First, in terms of behavioural intentions, research has shown consistently that the intention to perform a behaviour can be translated into actual behaviour. For example, research indicates that the intention to use condoms predicts condom use, that the intention to exercise correlates with this behaviour and the intention to attend for cervical or breast screening practices predicts actual attendance [e.g. 1416]. In terms of eating behaviour, research has also shown that the intention to eat healthily is a successful predictor of subsequent behaviour [e.g. 17]. Therefore, the cognition ‘I intend to ...’ seems to translate into ‘I did’. Sutton [18] carried out an analysis of the association between behavioural intentions and behaviour across a series of studies and concluded that intentions generally predict between 19% and 38% of the actual variance in behaviour. This suggests that behavioural intentions may be useful predictors of successful dietary change. In direct contrast to the social cognition literature, however, research drawing upon restraint theory as a means of understanding eating behaviour implicitly indicates that the intention to under eat does not predict actual under eating but has the paradoxical effect of being associated with overeating. For example, studies show that dieters who make an intention to eat less or to eat more healthily may end up eating less healthily and overeating [3, 5]. This approach finds reflection in the work of Wegner [19] who describe the ‘theory of ironic processes of mental control’ and suggest that attempting not to think about something can have the opposite effect to that which is desired. Further, it is similar to the work describing different types of goals and the differential effect of goals and anti goals [20]. It may not, therefore, be behavioural intentions per se which predict successful dietary change but the direction of this intention. Most research exploring intentions and health behaviours focuses on positive intentions such as ‘I intend to use a condom’ and ‘I intend to exercise’, whereas eating research implicitly focuses on negative intentions such as ‘I intend not to eat food high in calorie’. In line with this, the present study aimed to explore the impact of the type and direction of behavioural intention of successful changes in eating behaviour and to examine whether positive and negative intentions differentially impact upon the success of behaviour change.

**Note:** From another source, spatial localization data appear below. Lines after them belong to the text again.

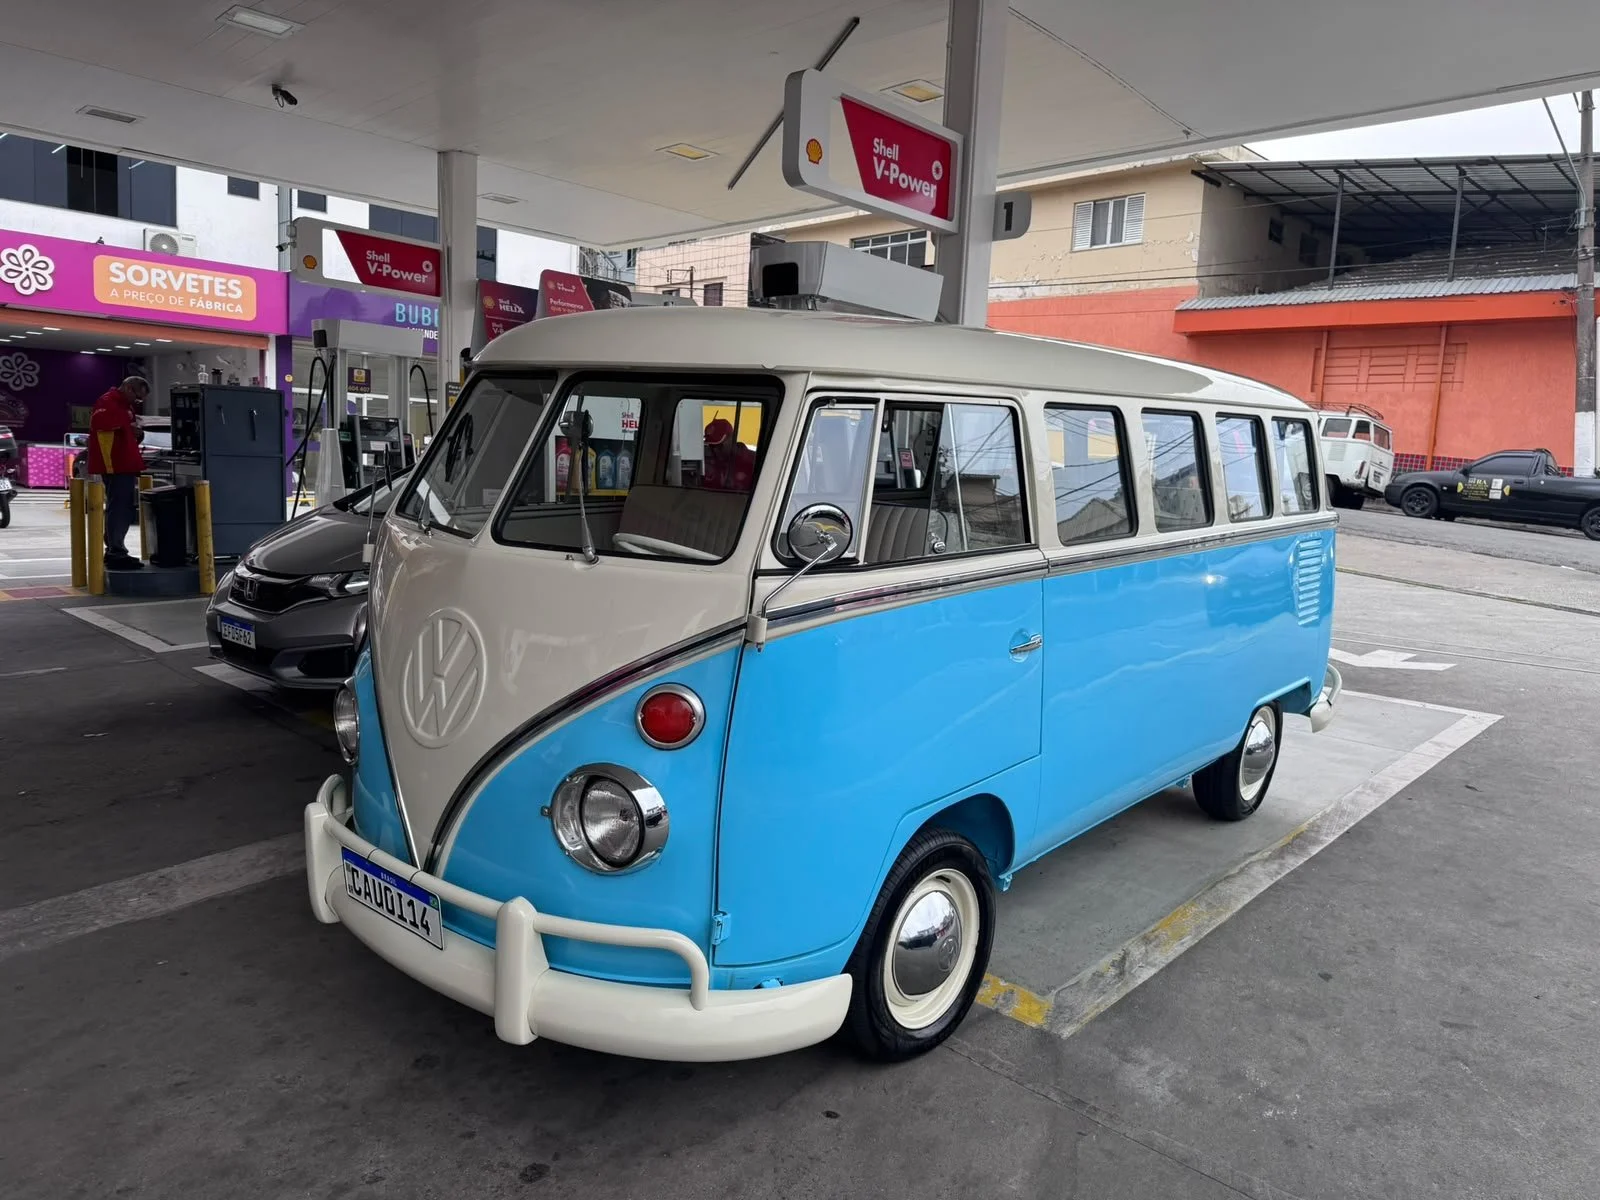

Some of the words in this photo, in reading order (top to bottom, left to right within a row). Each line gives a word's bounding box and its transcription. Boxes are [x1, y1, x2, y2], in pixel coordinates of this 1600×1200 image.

[873, 137, 899, 161] Shell
[873, 156, 937, 198] V-Power
[1003, 201, 1014, 231] 1
[366, 250, 390, 263] Shell
[109, 261, 243, 299] SORVETES
[366, 261, 428, 283] V-Power
[110, 288, 119, 297] A
[123, 289, 165, 304] PREÇO
[169, 295, 185, 305] DE
[189, 296, 243, 313] FÁBRICA
[499, 303, 525, 315] HELIX

Second, research shows a role for motivational factors. For example, a study examining the motivations behind the choice to adopt a vegetarian diet found a role for moral, health, gustatory and ecological factors [21]. Similarly, Mooney and Wahlbourn [22] investigated reasons for food rejection by college students and reported that students who avoided meat placed more importance on ethical factors. Furst et al. [23] also explored what motivations influenced food choice and found a role for issues of availability and cost and Steptoe and Pollard [24] used the ‘food choice questionnaire’ to explore the factors that motivate food selection and reported a role for familiarity with a food and convenience. Changes in diet are, therefore, the result of a range of motivations. Further, it would seem that successful food avoidance shown in line with religious rules or by vegetarians is motivated by different factors by the attempted food avoidance shown by dieters. However, research to date has been descriptive in its focus and has not explored whether some forms of motivation are more predictive of success than others. So as to lend clarity to this issue, the present study examined a range of motivational factors and their association with successful dietary change.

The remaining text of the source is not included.